Work instructions —
Starting with the line that contains "Some of the text", copy out each line through the end of the entries below, exactly as written, and nothing else.

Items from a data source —
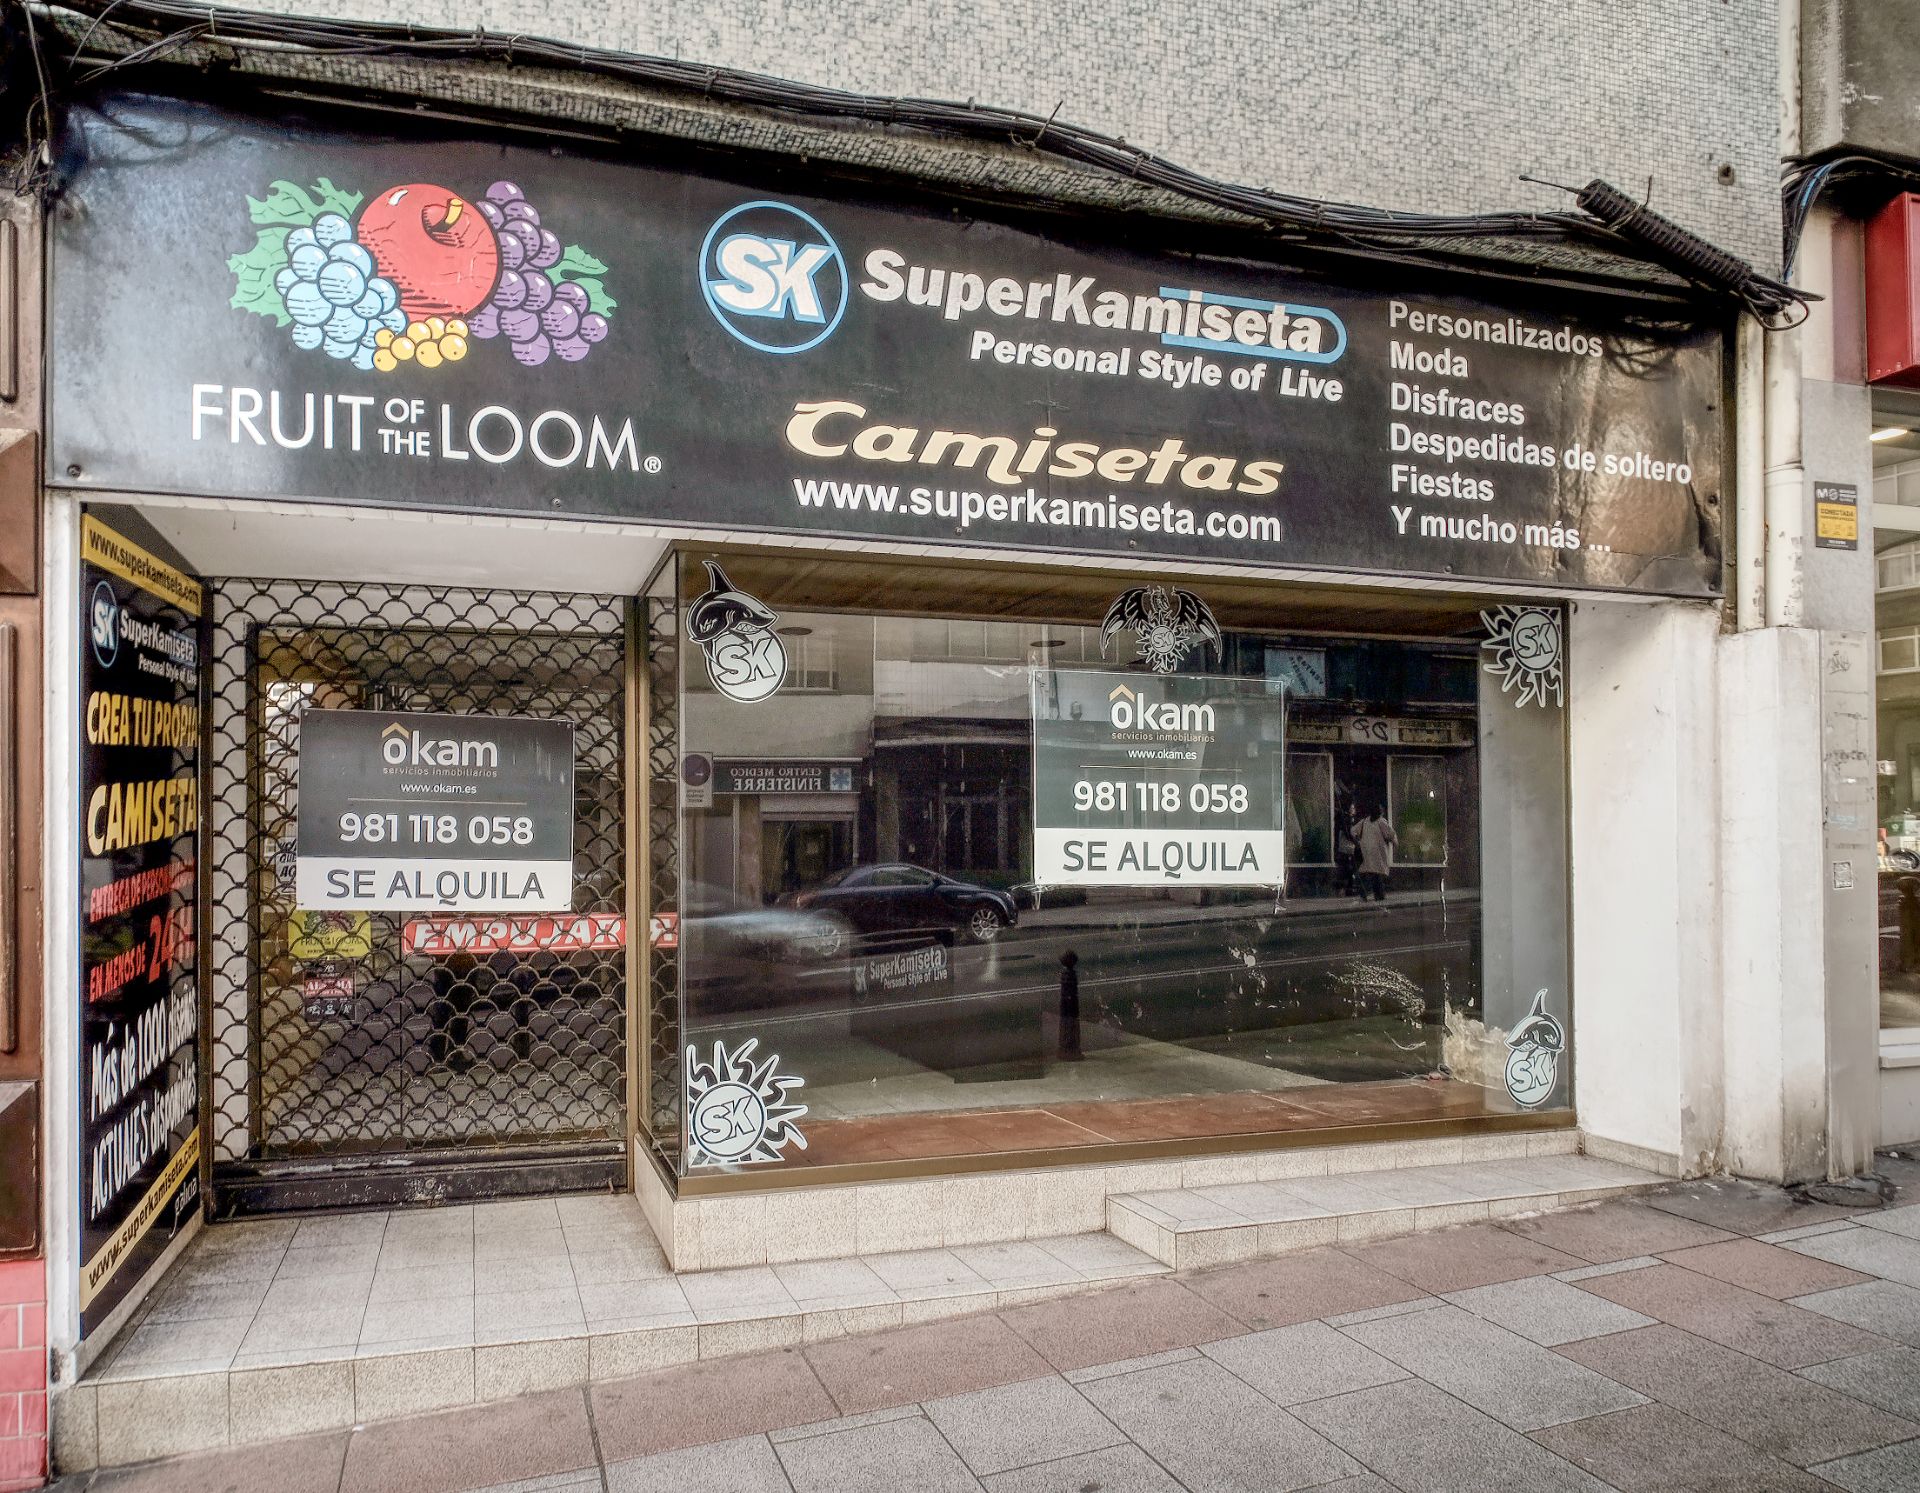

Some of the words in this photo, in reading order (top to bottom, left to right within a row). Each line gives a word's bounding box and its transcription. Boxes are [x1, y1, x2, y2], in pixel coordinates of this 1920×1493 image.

[709, 233, 837, 324] SK
[860, 249, 1322, 354] SuperKamiseta
[1389, 300, 1603, 357] Personalizados
[970, 330, 1131, 377] Personal
[1137, 349, 1223, 390] Style
[1229, 363, 1267, 392] of
[1280, 367, 1344, 402] Live
[1390, 341, 1468, 378] Moda
[191, 383, 374, 451] FRUIT
[384, 398, 425, 424] OF
[1390, 382, 1525, 425] Disfraces
[377, 428, 430, 457] THE
[785, 400, 1284, 496] Camisetas
[1390, 423, 1556, 467] Despedidas
[1563, 443, 1596, 472] de
[1604, 451, 1692, 485] soltero
[1391, 464, 1495, 502] Fiestas
[793, 478, 1282, 542] www.superkamiseta.com
[1390, 505, 1413, 535] Y
[1421, 513, 1517, 545] mucho
[1524, 520, 1580, 550] más
[89, 529, 200, 606] www.superkamiseta.com
[93, 600, 117, 650] SK
[120, 609, 195, 661] SuperKamiseta
[1515, 622, 1555, 659] SK
[715, 636, 777, 686] SK
[87, 691, 130, 745] CREA
[133, 697, 150, 747] TU
[154, 701, 198, 748] PROPIA
[1111, 731, 1153, 741] servicios
[1156, 732, 1215, 743] inmobiliarios
[383, 766, 429, 776] servicios
[432, 766, 498, 778] inmobiliarios
[1128, 748, 1197, 760] www.okam.es
[400, 783, 477, 795] www.okam.es
[1073, 780, 1127, 811] 981
[1136, 782, 1181, 812] 118
[1189, 783, 1249, 814] 058
[87, 777, 198, 856] CAMISETA
[339, 812, 398, 842] 981
[408, 814, 458, 844] 118
[468, 815, 534, 845] 058
[1062, 840, 1107, 872] SE
[1117, 841, 1260, 879] ALQUILA
[326, 869, 376, 899] SE
[386, 870, 545, 906] ALQUILA
[413, 918, 621, 948] EMPUJAR
[90, 963, 104, 1003] EN
[105, 948, 135, 997] MENOS
[136, 941, 147, 976] DE
[870, 948, 941, 982] SuperKamiseta
[90, 1022, 118, 1122] Más
[120, 1023, 136, 1092] de
[137, 997, 167, 1080] 1.000
[1510, 1051, 1549, 1093] SK
[90, 1100, 149, 1222] ACTUALES
[150, 1057, 197, 1156] disponibles
[700, 1094, 756, 1144] SK
[89, 1138, 199, 1290] www.superkamiseta.com
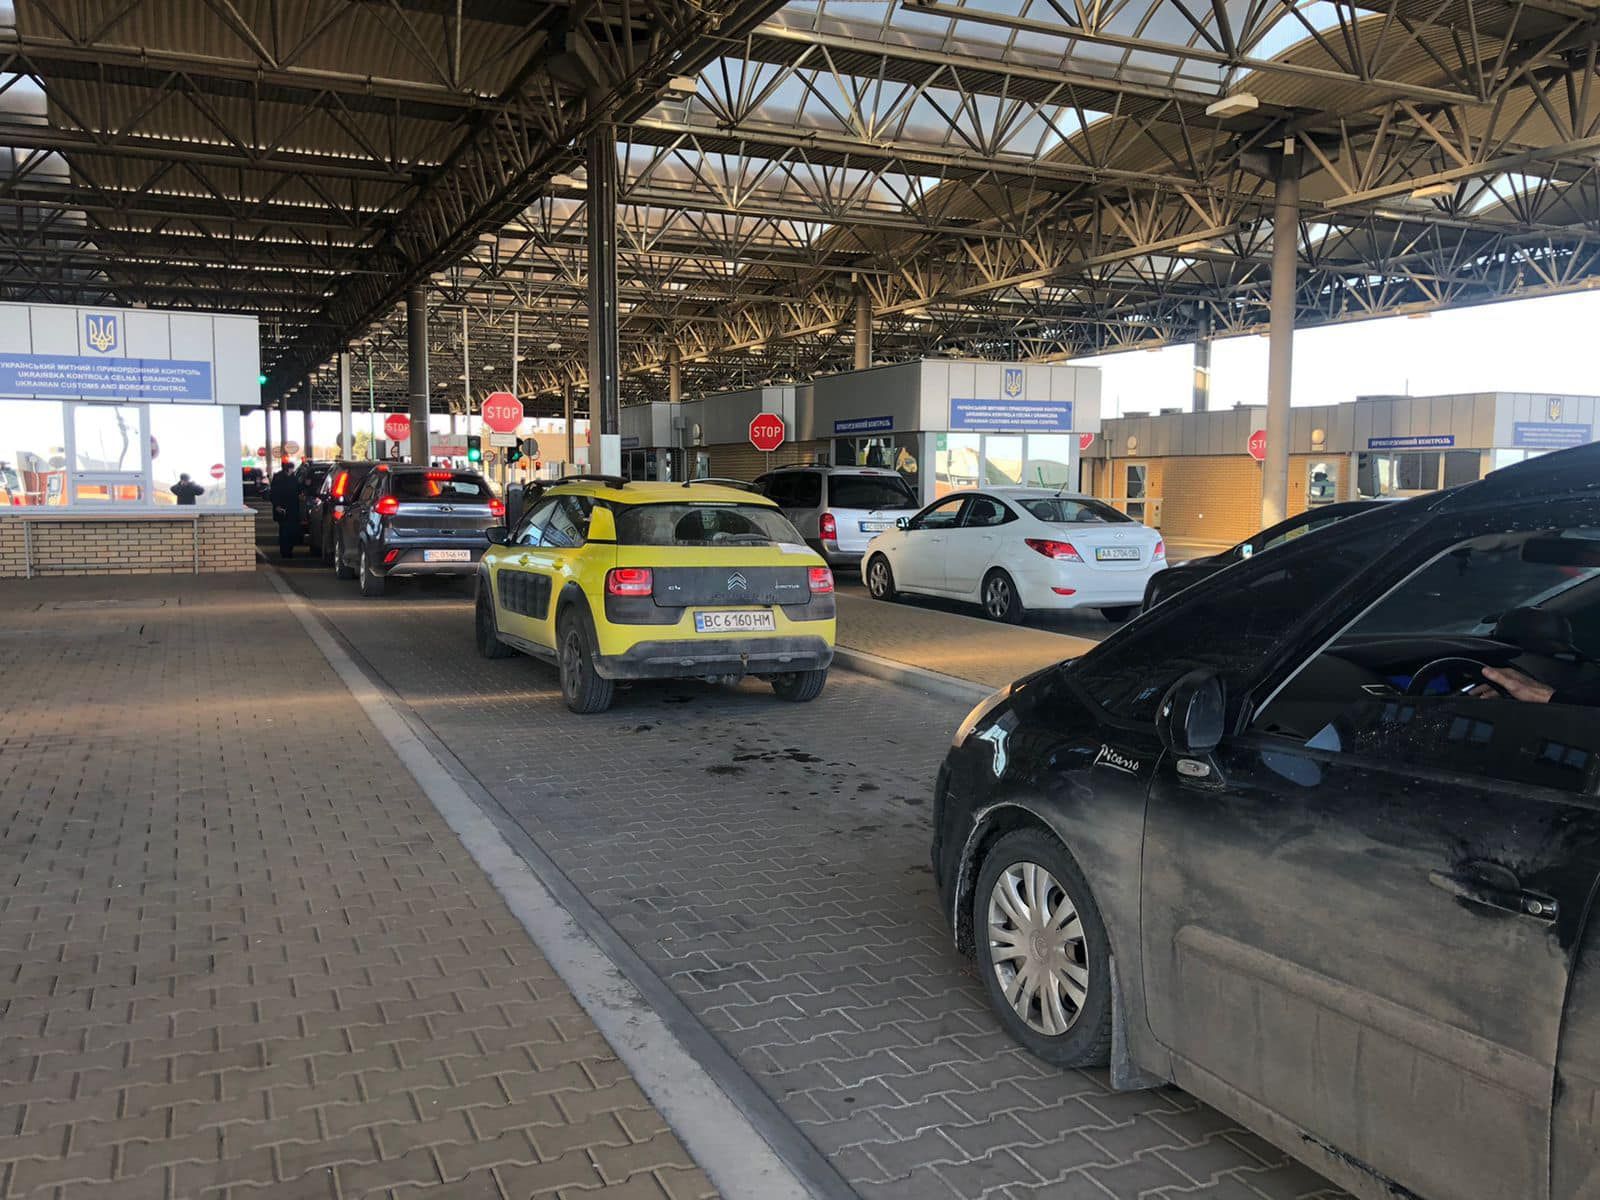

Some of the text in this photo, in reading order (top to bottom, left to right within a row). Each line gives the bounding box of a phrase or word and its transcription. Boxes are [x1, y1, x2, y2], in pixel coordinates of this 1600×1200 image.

[66, 373, 109, 381] KONTROLA
[16, 380, 60, 388] UKRAINIAN
[61, 382, 99, 390] CUSTOMS
[152, 385, 188, 393] CONTROL
[487, 405, 519, 419] STOP
[385, 422, 410, 432] STOP
[753, 426, 781, 438] STOP
[1251, 439, 1266, 449] ST
[704, 613, 771, 627] BC 6160 HM
[1093, 743, 1140, 772] Picasso

Answer box —
Some of the text in this photo, in reading order (top to bottom, left to right within a row). Each line gives the bounding box of a phrase or word and its transcription. Boxes are [x1, y1, x2, y2], in pixel coordinates of this 1600×1200 image.

[66, 373, 109, 381] KONTROLA
[16, 380, 60, 388] UKRAINIAN
[61, 382, 99, 390] CUSTOMS
[152, 385, 188, 393] CONTROL
[487, 405, 519, 419] STOP
[385, 422, 410, 432] STOP
[753, 426, 781, 438] STOP
[1251, 439, 1266, 449] ST
[704, 613, 771, 627] BC 6160 HM
[1093, 743, 1140, 772] Picasso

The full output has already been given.